## [Given records]

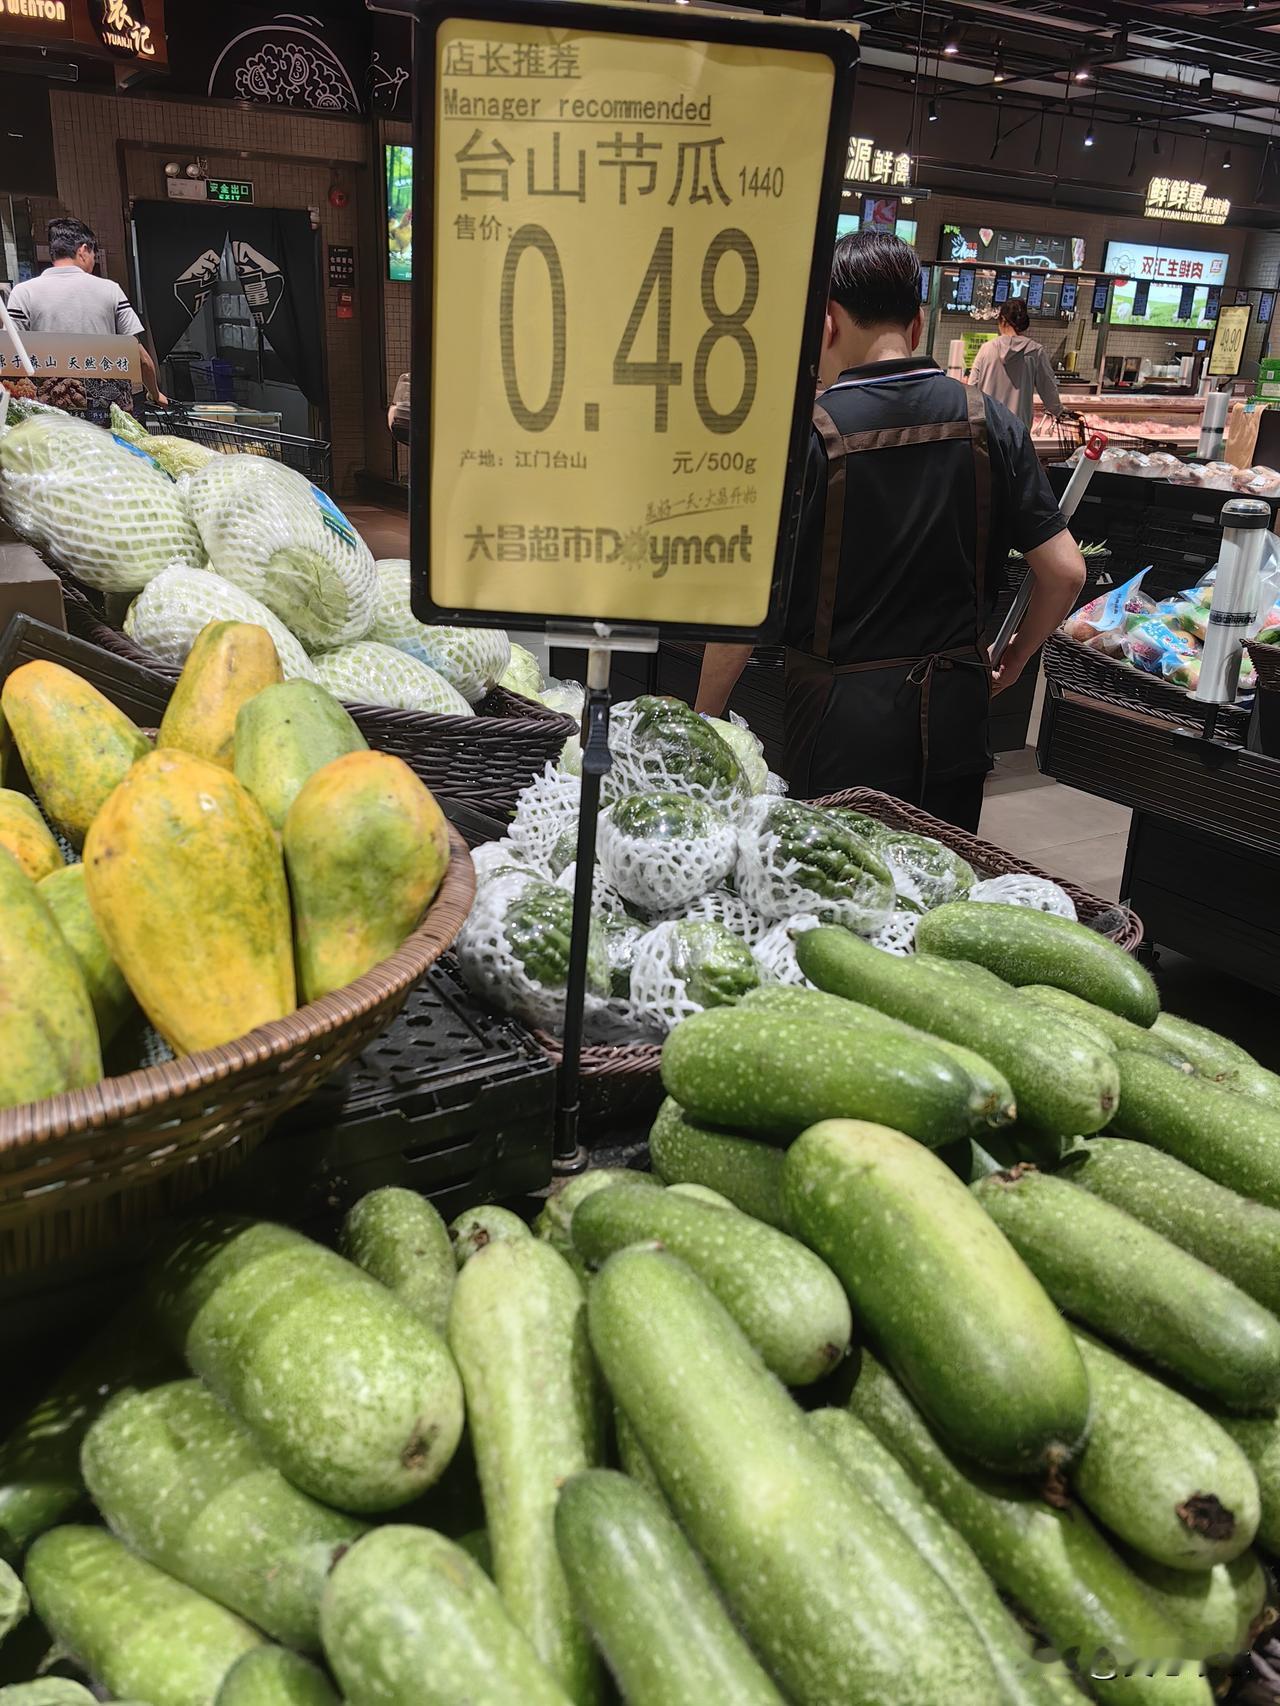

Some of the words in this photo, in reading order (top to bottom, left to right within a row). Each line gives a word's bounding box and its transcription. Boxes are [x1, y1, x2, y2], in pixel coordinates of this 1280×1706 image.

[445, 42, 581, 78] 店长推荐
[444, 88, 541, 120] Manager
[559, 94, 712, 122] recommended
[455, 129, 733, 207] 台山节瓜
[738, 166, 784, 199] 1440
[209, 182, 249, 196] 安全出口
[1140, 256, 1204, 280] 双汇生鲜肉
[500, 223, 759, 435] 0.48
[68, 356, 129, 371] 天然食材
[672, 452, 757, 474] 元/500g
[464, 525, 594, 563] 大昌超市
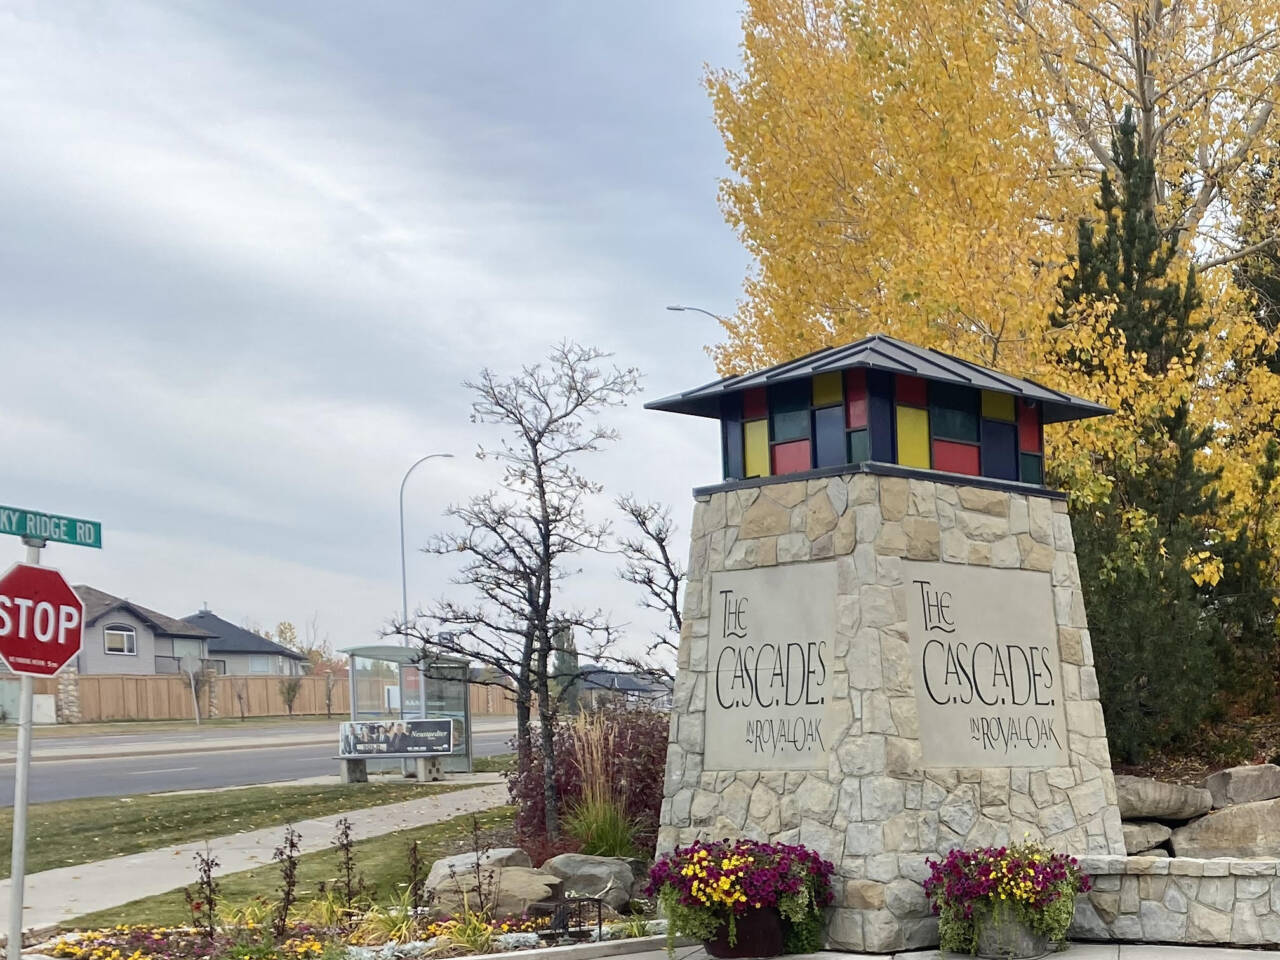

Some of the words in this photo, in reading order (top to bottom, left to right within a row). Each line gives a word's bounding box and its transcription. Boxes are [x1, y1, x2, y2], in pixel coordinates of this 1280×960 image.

## [What you will do]
The result should be all the records, retyped exactly, with no pictures among them.

## [Result of this task]
Some of the words in this photo, in reading order (top to bottom, left to right within a row). Each line gives a word's bounding box and its transcription. Boxes are [x1, y1, x2, y2], in pixel coordinates of this 1280×1706 image.

[445, 42, 581, 78] 店长推荐
[444, 88, 541, 120] Manager
[559, 94, 712, 122] recommended
[455, 129, 733, 207] 台山节瓜
[738, 166, 784, 199] 1440
[209, 182, 249, 196] 安全出口
[1140, 256, 1204, 280] 双汇生鲜肉
[500, 223, 759, 435] 0.48
[68, 356, 129, 371] 天然食材
[672, 452, 757, 474] 元/500g
[464, 525, 594, 563] 大昌超市

Some of the words in this photo, in reading order (top to bottom, left to right within a row). Each line gives a word's bounding box and its transcription. Boxes are [x1, y1, x2, y2], in pixel coordinates of this 1280×960 image.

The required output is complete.